## WHAT NEEDS TO BE DONE:
In this exercise, the entries below include pictures. Repeat exactly the lines from the line with "this 1620×1080 image." to the line with "Some of the text", including both, but without the pictures.

++++ RECORD EXCERPTS

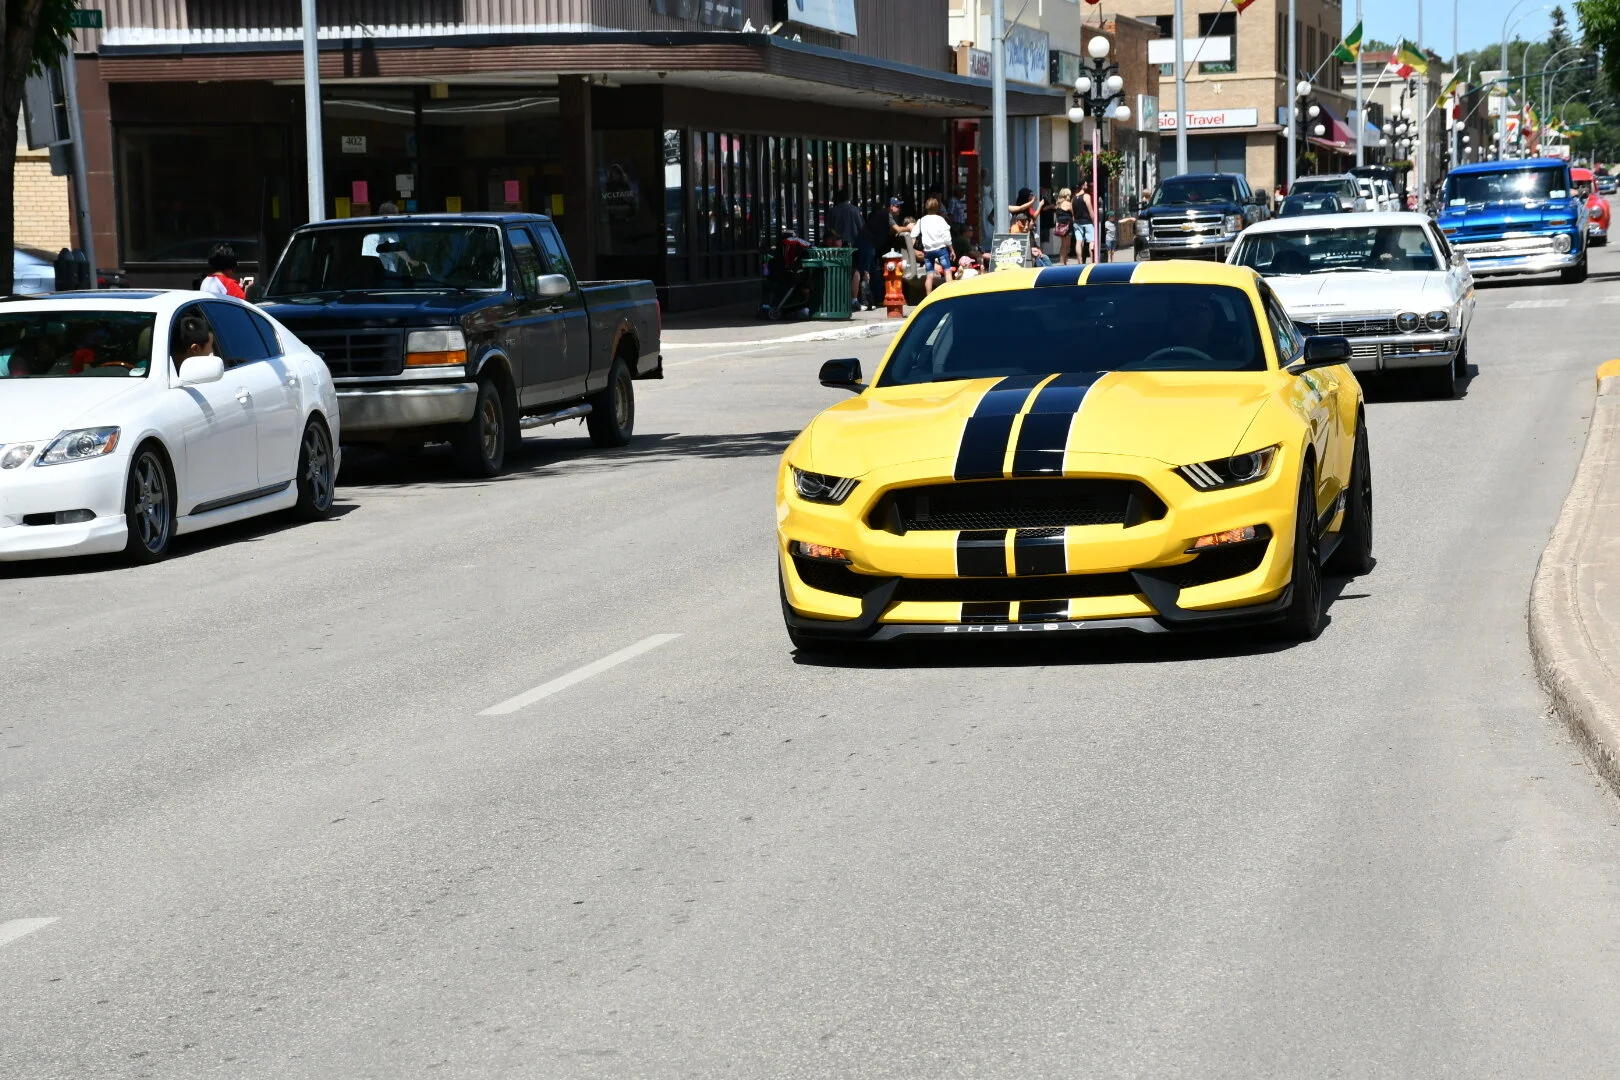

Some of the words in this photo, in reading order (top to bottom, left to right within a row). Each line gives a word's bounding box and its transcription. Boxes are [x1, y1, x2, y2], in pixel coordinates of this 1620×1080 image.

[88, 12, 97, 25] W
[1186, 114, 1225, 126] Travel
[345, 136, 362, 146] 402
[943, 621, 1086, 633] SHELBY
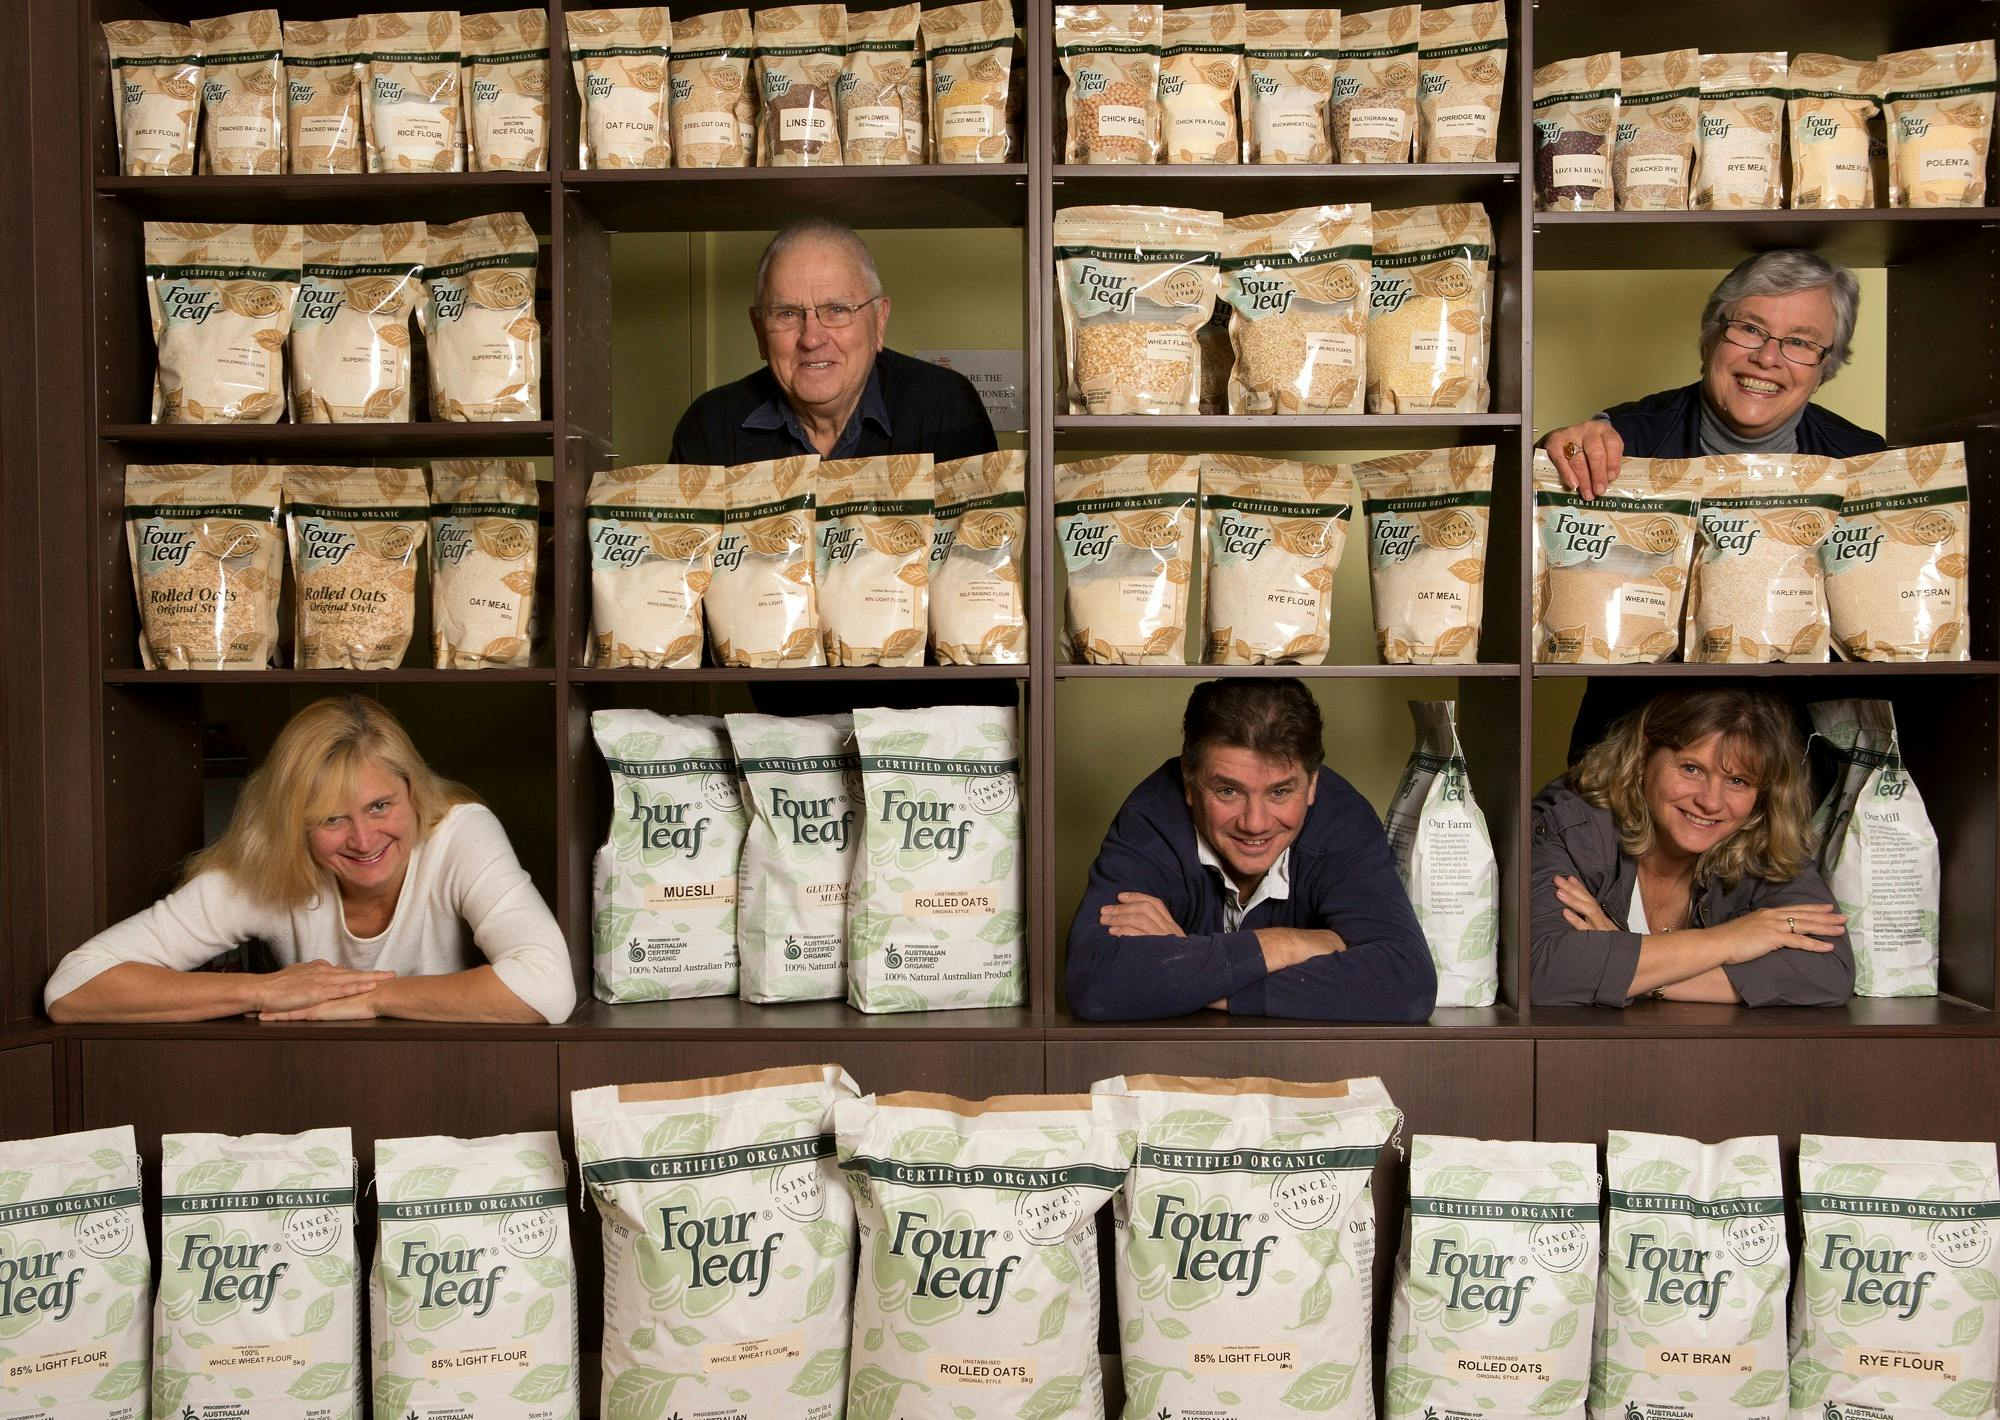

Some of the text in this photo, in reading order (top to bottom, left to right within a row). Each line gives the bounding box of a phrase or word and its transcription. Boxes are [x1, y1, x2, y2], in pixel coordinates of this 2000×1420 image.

++++++++
++++ RECORD EXCERPTS

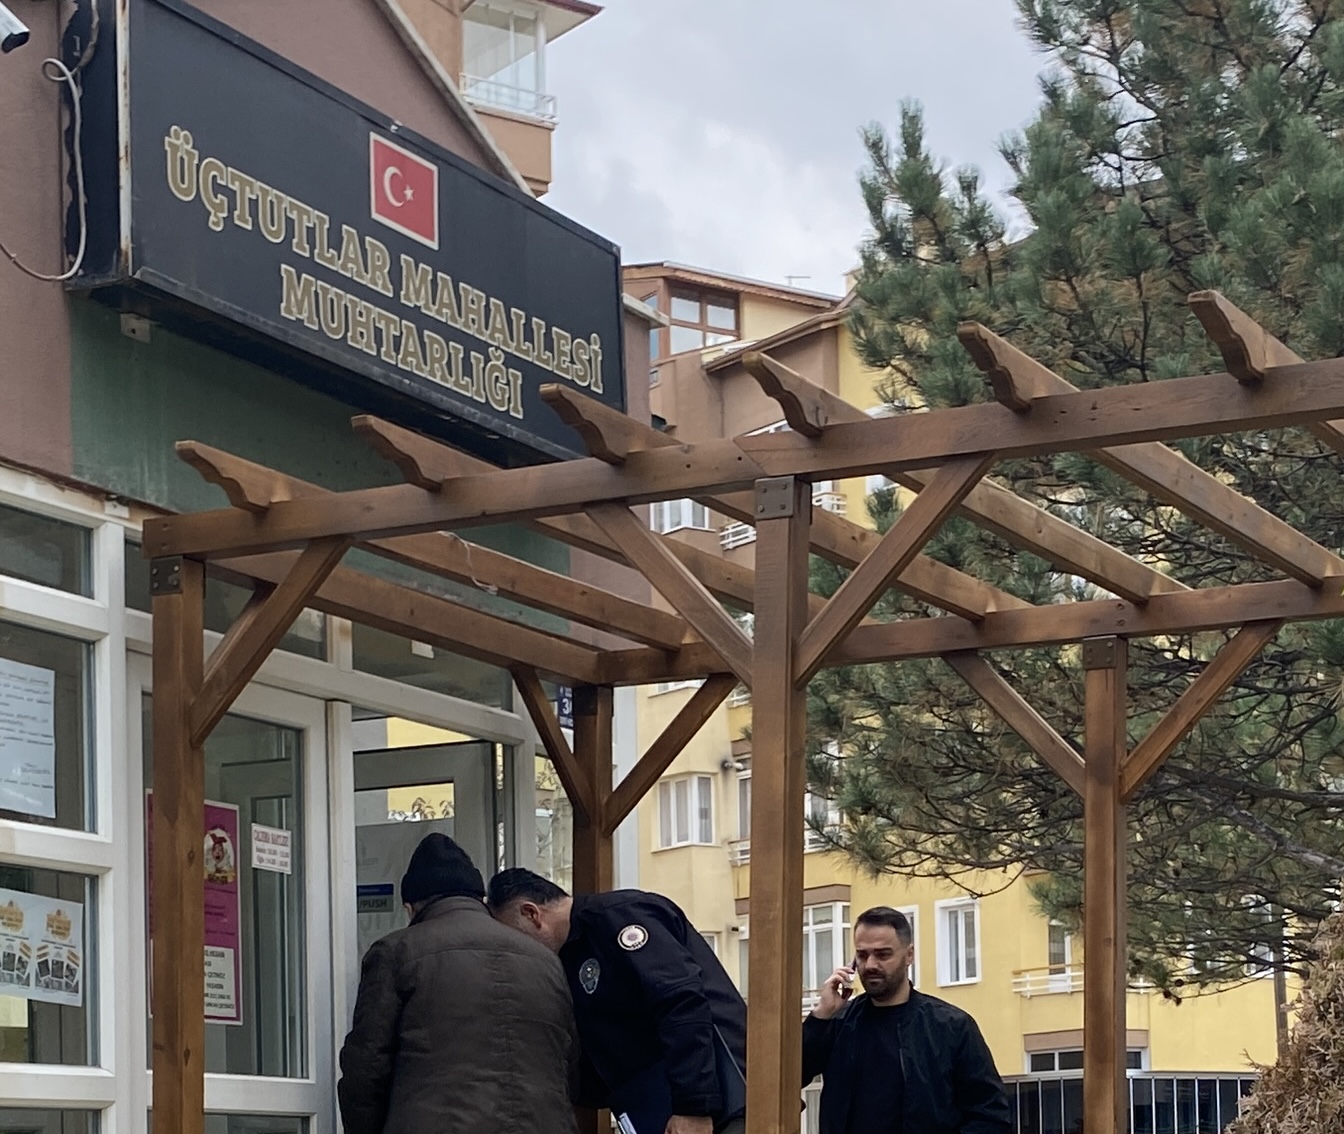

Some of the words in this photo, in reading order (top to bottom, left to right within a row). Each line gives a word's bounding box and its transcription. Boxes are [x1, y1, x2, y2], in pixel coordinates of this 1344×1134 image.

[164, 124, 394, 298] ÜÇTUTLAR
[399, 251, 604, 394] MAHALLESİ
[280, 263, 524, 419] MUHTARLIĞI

++++++++

## WRITTEN SOLUTION:
Some of the words in this photo, in reading order (top to bottom, left to right within a row). Each line gives a word's bounding box and its transcription. Boxes are [x1, y1, x2, y2], in pixel coordinates of this 1620×1080 image.

[88, 12, 97, 25] W
[1186, 114, 1225, 126] Travel
[345, 136, 362, 146] 402
[943, 621, 1086, 633] SHELBY

Some of the text in this photo, in reading order (top to bottom, left to right within a row). Each line gives the bounding box of a phrase or word and its transcription. Boxes are [x1, y1, x2, y2], in pixel coordinates of this 2000×1420 image.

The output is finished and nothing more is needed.